Redazione

Dieci anni, un attimo nel mondo del calcio, un’eternità in una vita. Come quella di Vittorio Cecchi Gori, dal 1993 al 2002 presidente della Fiorentina, nell’era di mezzo della Serie A. Che quando l’imprenditore ha cominciato era ancora l’Eldorado del calcio mondiale, ma che in quel decennio ha cominciato un declino economico che è stato sottolineato (anche, ma non solo) dal fallimento della sua Fiorentina. Dalle stelle, dall’Europa che conta, quella finale di Coppa UEFA conquistata (e persa) quando ancora c’era papà Mario, fino ai libri in tribunale, al crac, alla Florentia Viola e a tante altre vicende personali.

Un periodo calcisticamente esaltante per la Fiorentina

E se parliamo di Vittorio Cecchi Gori come presidente della Fiorentina, non come imprenditore o politico, osserviamo un decennio fatto di sogni, da una squadra ereditata ereditata in B al sogno Scudetto del 1998/99. Di due Coppe Italia e una Supercoppa, di Batistuta e di Edmundo, di Rui Costa e Toldo, delle partite in Champions League, che l’ultima volta che la Viola ci aveva messo piede si chiamava ancora Coppa dei Campioni. Una società storica la Fiorentina, capace di raggiungere l’ultimo atto di tutte e tre le competizioni continentali. E che non si può giudicare negativamente solo perchè non ne ha saputa portare a casa neanche una. Esattamente come è inesatto giudicare la presidenza Cecchi Gori dal triste (ma quasi scontato) finale.

Trap e Edmundo, il diavolo…e l’acqua santa

Certo, quella ferita brucia e tanto, nel cuore dei tifosi e sicuramente anche in quello dell’ex presidente. A cui tutto si può rimproverare, tranne la mancanza di passione. Quella a Cecchi Gori non è mai mancata, nel calcio come nella vita privata. La stessa passione che lo aveva convinto a investire pesantemente sul mercato per reclutare nomi sempre nuovi, che, indipendentemente da tutto, sono rimasti nel cuore dei tifosi della Fiorentina. Come Edmundo, una specie di avatar in campo del Presidente. Genio e sregolatezza, capace di trascinare di peso la Viola al sogno Scudetto (con in panchina quella vecchia volpe del Trap), ma anche di lasciarla sola quando di lui c’era più bisogno. Badate bene, un soggetto nella frase non c’è, perchè vale per entrambi. Che si parli di Carnevale di Rio o di bancarotta, la differenza è minima.
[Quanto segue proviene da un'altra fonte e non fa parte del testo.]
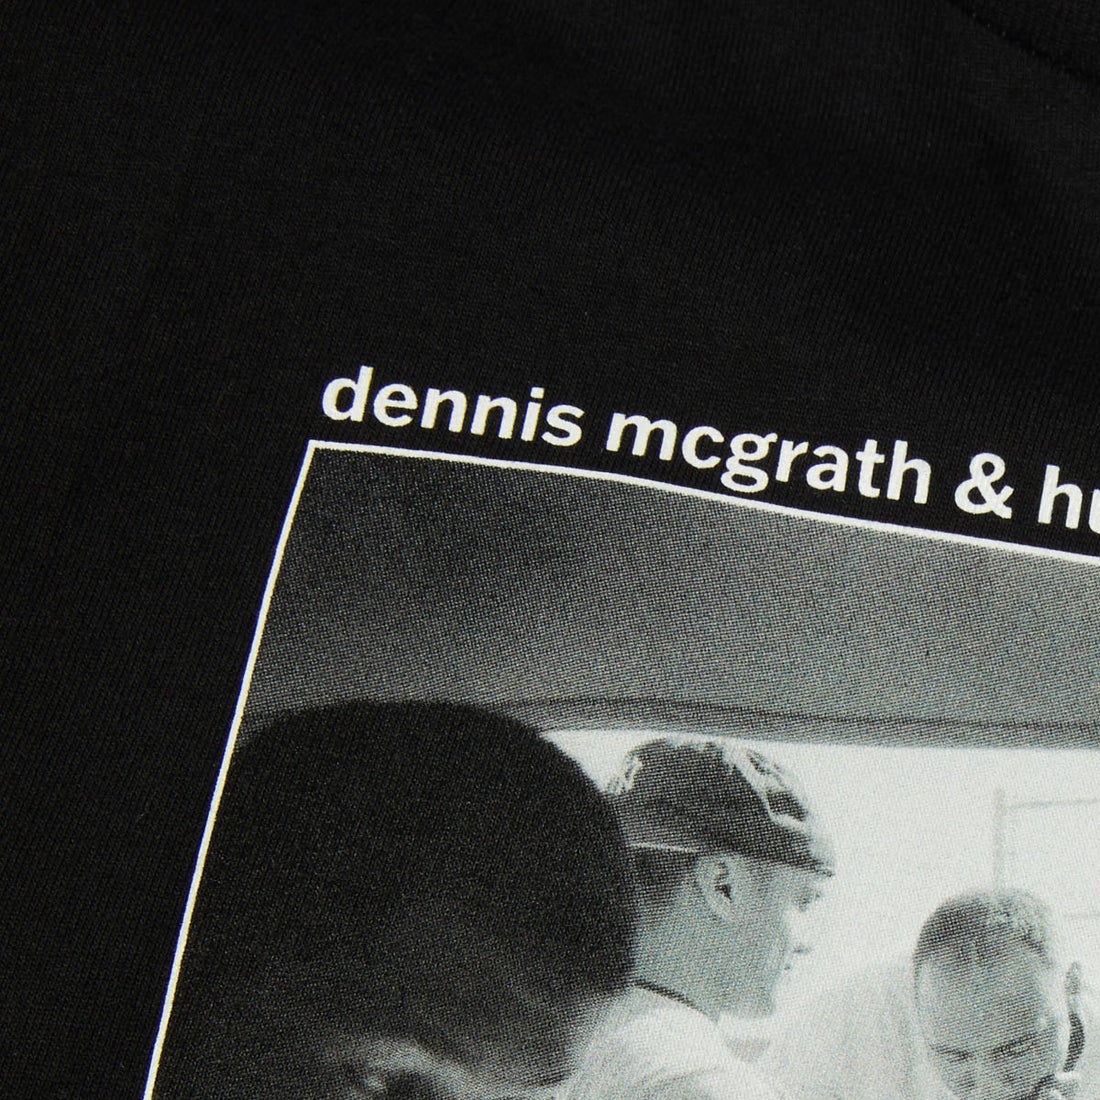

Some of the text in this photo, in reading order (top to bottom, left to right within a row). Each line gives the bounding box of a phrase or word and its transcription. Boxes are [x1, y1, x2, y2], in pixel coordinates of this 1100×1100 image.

[321, 365, 585, 447] dennis
[605, 412, 932, 505] mcgrath
[954, 452, 1015, 520] &
Vittorio Cecchi Gori oggi: ha perso, ma ha giocato alla grande

Ma cosa fa oggi Vittorio Cecchi Gori? Beh, nonostante la sua fama da playboy incallito, al momento è solo, dopo la fine della lunga love story con Valeria Marini. Si è confidato in TV, quasi irriconoscibile agli occhi di chi lo ha perso di vista dopo il fallimento della Fiorentina. Ha perso quell’aria baldanzosa che trasudava (giustamente!) da tutti i pori quando veniva intervistato dopo una tripletta di Batistuta contro il Milan. Si vede poco, cerca di mantenere un basso profilo, conscio che, in fondo, la sua partita è ormai quasi irrimediabilmente compromessa. Anche perchè, dal calcio e dal cinema, l’altro suo grande amore, l’ex Presidente della Viola ha imparato una lezione importante. Si vince o si perde, può accadere che le cose non vadano come era previsto. Ma l’importante, almeno per la sua filosofia di vita, è aver giocato alla grande. E a negare che Vittorio Cecchi Gori lo abbia fatto, non ci riuscirebbe neanche il peggiore dei suoi detrattori.